SEBI’s insider trading charges against employees of a few stockbroking firms who had ‘forward(ed) as received’ WhatsApp messages regarding unpublished quarterly reports of leading companies were set aside by SAT, who reasoned that SEBI couldn’t find the origin of the messages and was only pursuing those who forwarded them. SAT relied on the fact that generally available information would not be seen as UPSI, and therefore the person just forwarding it would not be considered an “insider”. However, the information may only be labelled as a UPSI if the person receiving it was aware that it was a UPSI, and SEBI has to establish “preponderance of probability” under the circumstances.

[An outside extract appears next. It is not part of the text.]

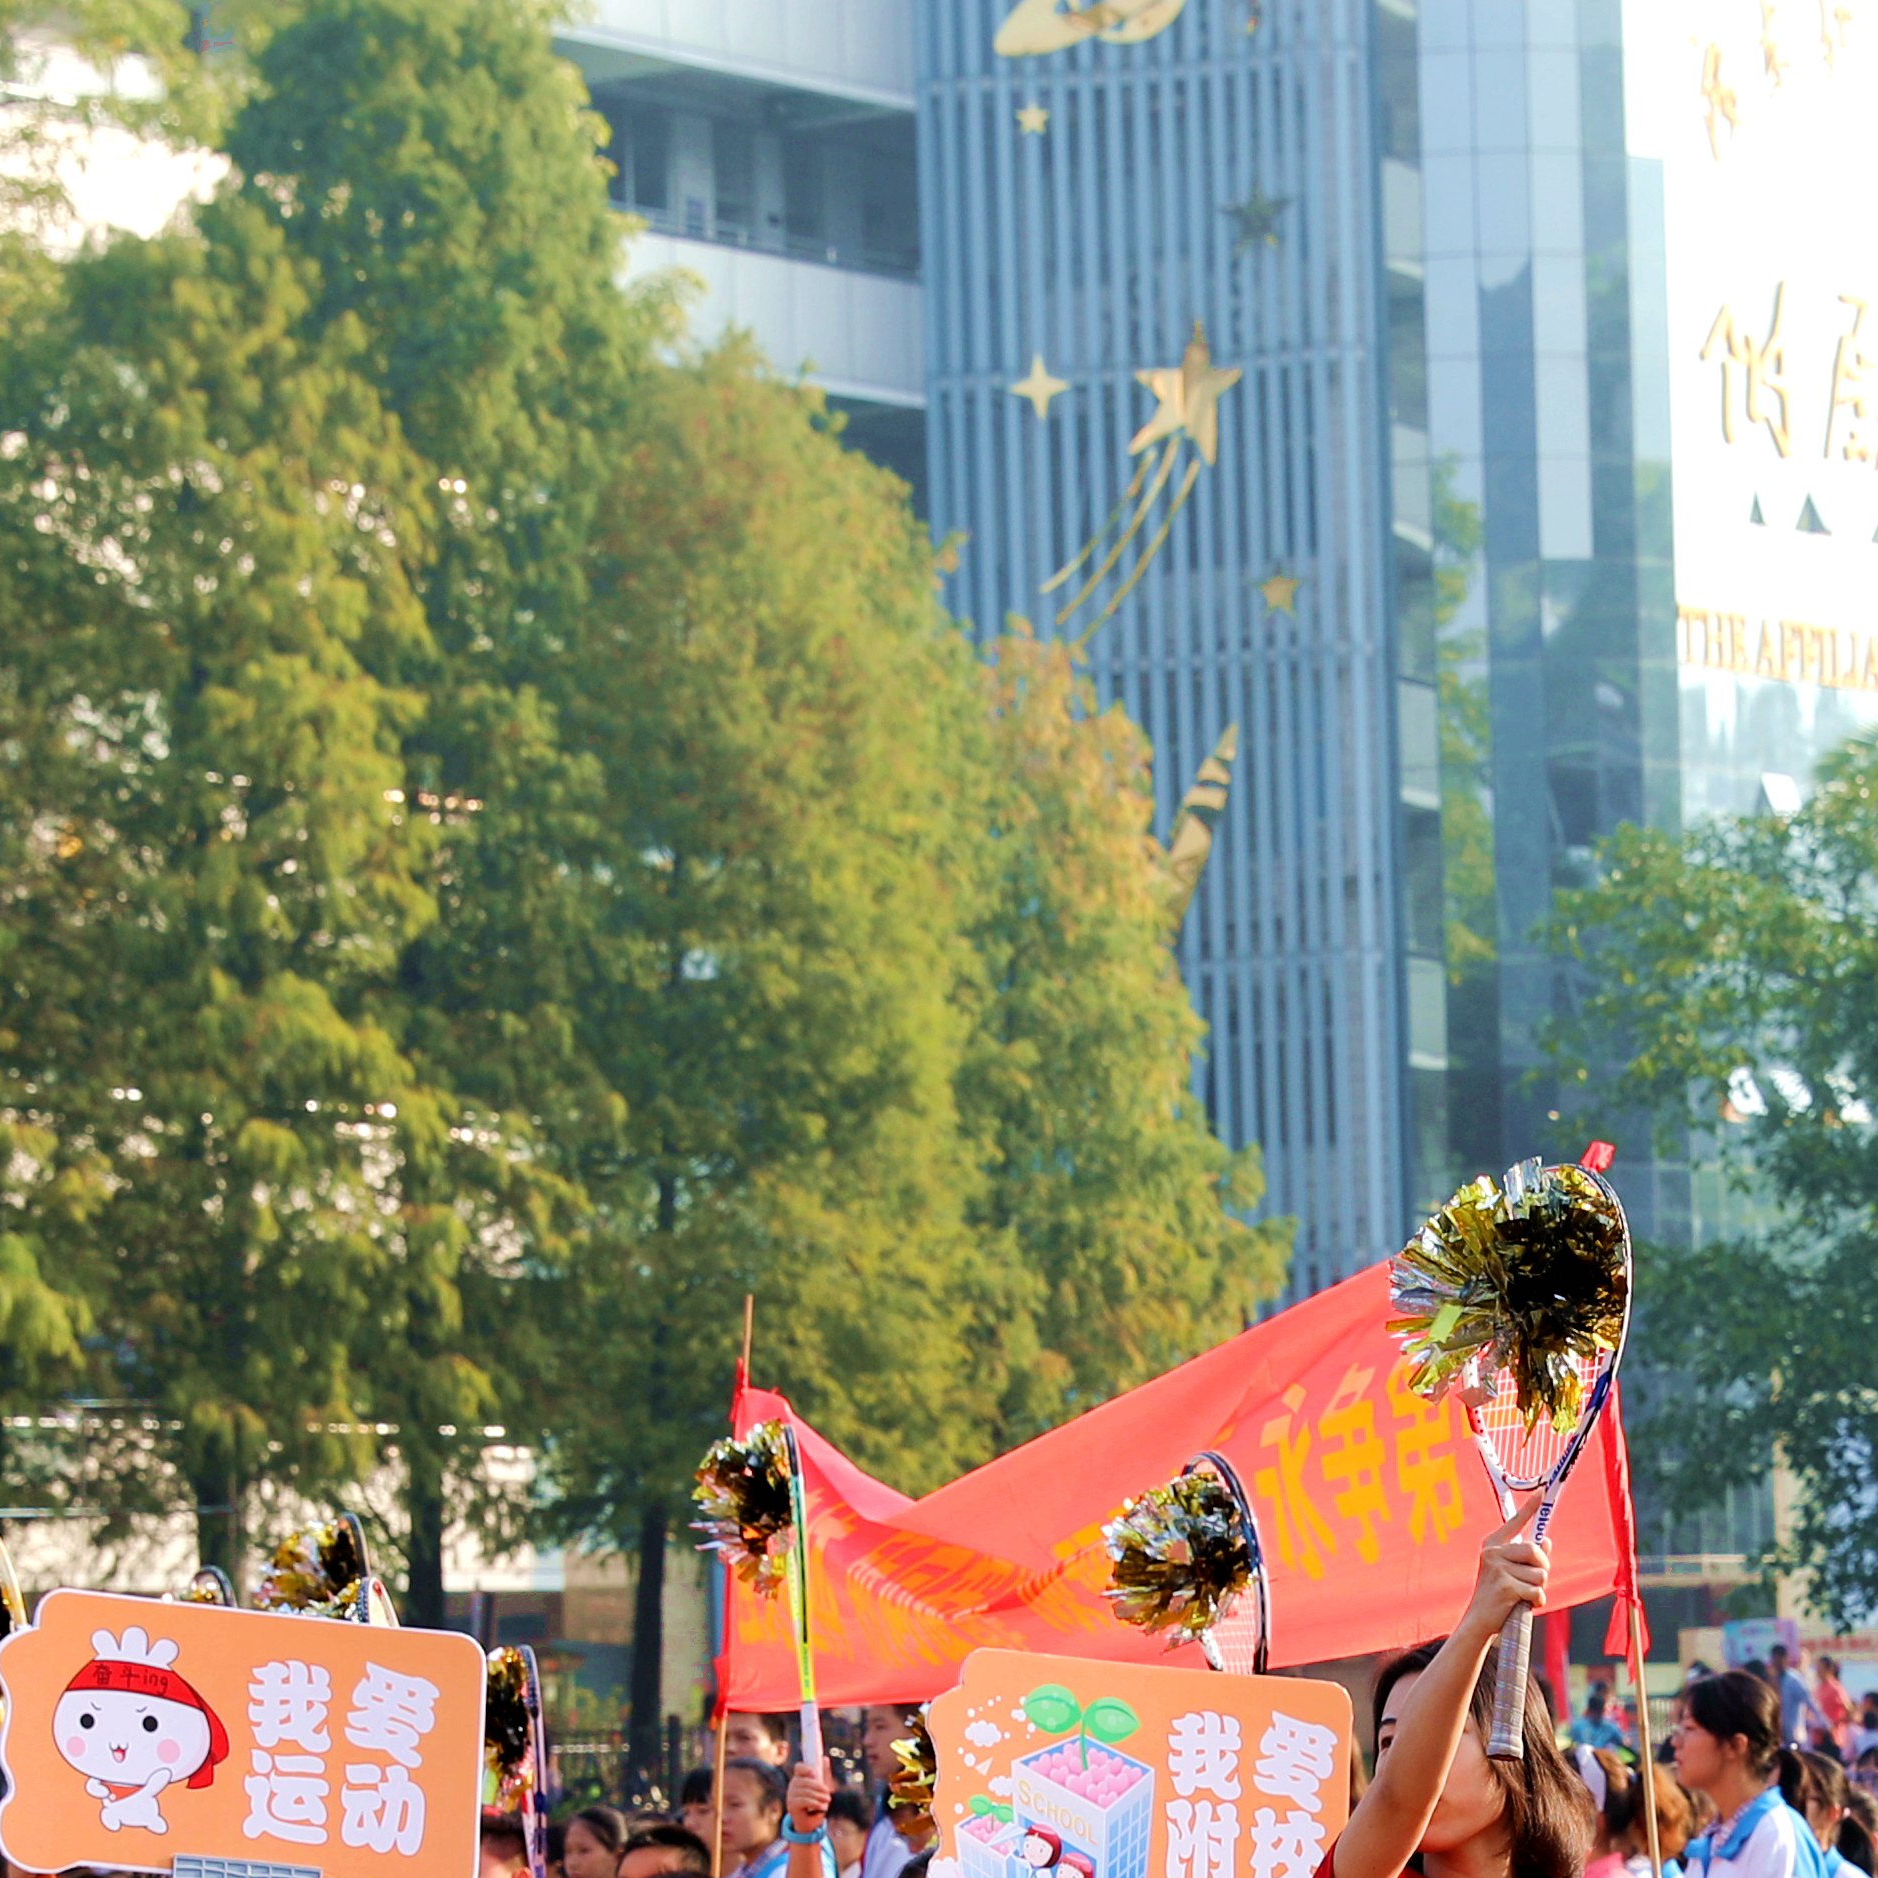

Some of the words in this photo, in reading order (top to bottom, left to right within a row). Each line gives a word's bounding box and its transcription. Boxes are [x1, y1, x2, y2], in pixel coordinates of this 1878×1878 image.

The case of Kishore Biyani

Kishore Biyani is the Founder & CEO of Future Group, (brick-and-mortar retailers) and is also the founder of retail businesses such as Pantaloon Retail and Big Bazaar.

SEBI initiated an investigation in the scrip of Future Retail Limited (“FRL”) to ascertain whether certain persons/entities had traded in the scrips of FRL during the period March 10, 2017 to April 20, 2017 on the basis of UPSI, in contravention of the provisions of the SEBI Act, 1992 and SEBI PIT Regulations, 2015.

What was considered UPSI by SEBI in this case?

Composite Scheme of Arrangement between Future Retail Limited and Bluerock eServices Private Limited and Praxis Home Retail Private Limited and their shareholders in 2017 was the concerned UPSI in this matter. It resulted in the demerger of certain business from Future Retail and was expected to have a positive impact on Future Retail’s share price. Future Corporate Resources and FCRL Employee Welfare Trust purchased FRL shares before the scheme of arrangement was publicly announced, and these trades were carried out by involved entities who were aware of the scheme and thus found to have traded while in possession of UPSI, according to SEBI. As per SEBI’s order these trades were authorized by Kishore Biyani and Anil Biyani.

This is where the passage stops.